By making this historical database available to a wider audience, the SEEMHN hopes to motivate researchers to further investigate financial and monetary economics of South-Eastern Europe.
											 
					
						Statements by Scholars:
 “…statistical series such as these serve as the skeleton for the […writing of the Monetary history of 
South-East Europe]. Institutional detail and historical narrative will put flesh on the bones.”  

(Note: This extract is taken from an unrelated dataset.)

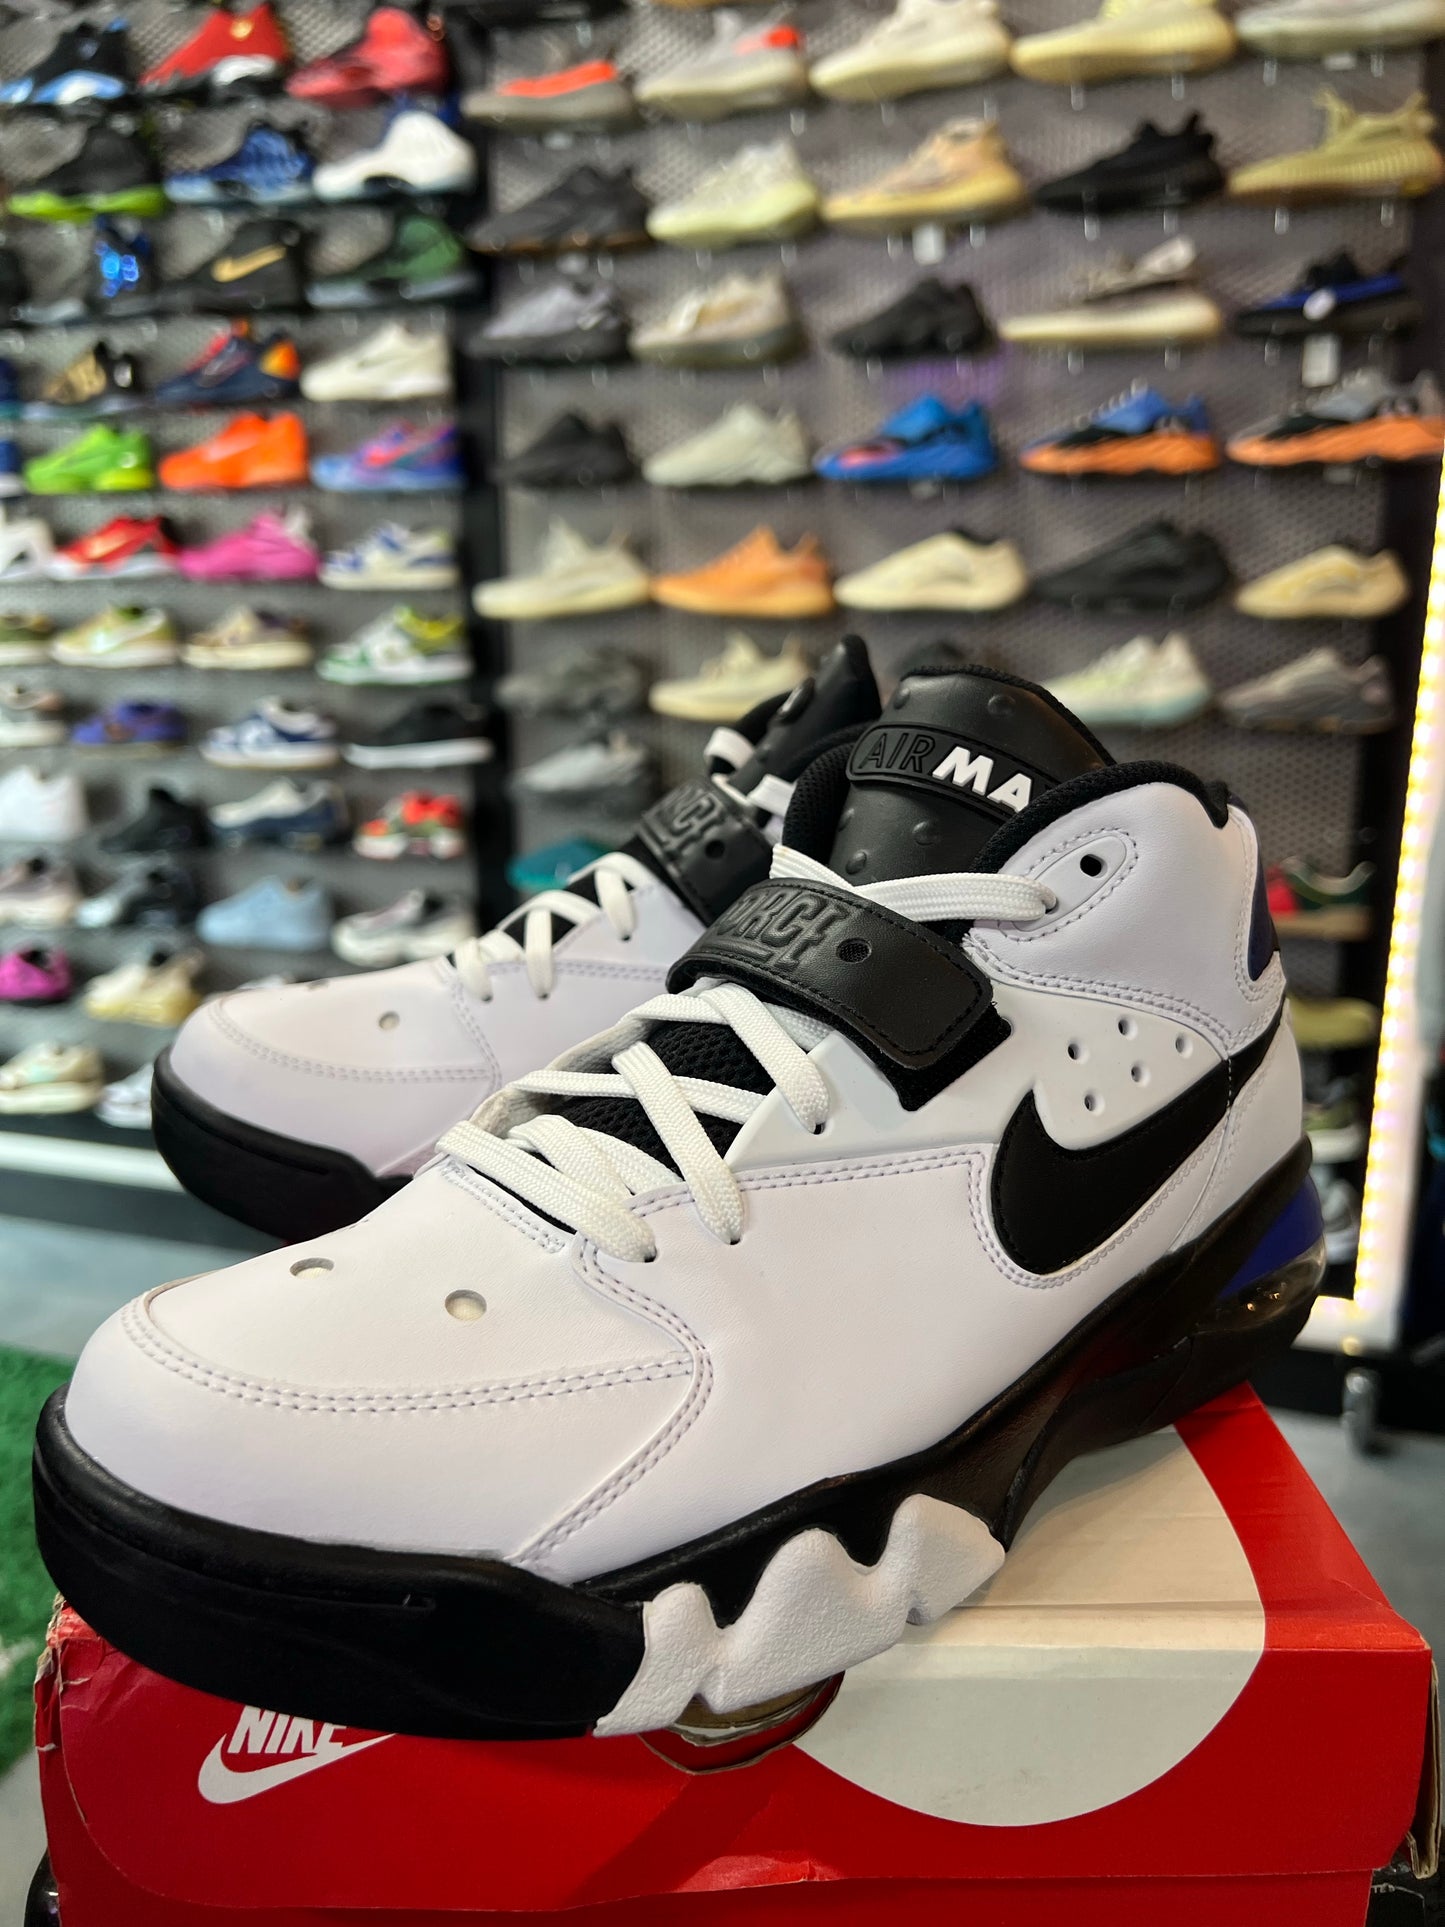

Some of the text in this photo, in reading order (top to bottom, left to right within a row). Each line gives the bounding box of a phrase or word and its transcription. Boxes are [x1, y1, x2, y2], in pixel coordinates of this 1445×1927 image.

- Michael D. Bordo, Rutgers University and NBER
 “…the volume’s comparative outlook…amply highlights main threats to financial stability, including 
the perils of ‘importing’ policy credibility through currency pegs whilst political institutions remain 
fragile and fiscal discipline elusive.”
- Luis A. V. Catão, International Monetary Fund and Joint Vienna Institute
 “This landmark volume of [South-Eastern European] monetary history and data series ... will remove 
not only several quantitative handicaps faced so far by relevant research initiatives, but also some of the 
prejudice characterising the debates on whether and to which extent these economies could be ever 
considered as intrinsically linked to the main European developments.”
-  Nicos Christodoulakis, Athens University of Economics and Business
 “…South-Eastern European monetary history is no longer terra incognita.” 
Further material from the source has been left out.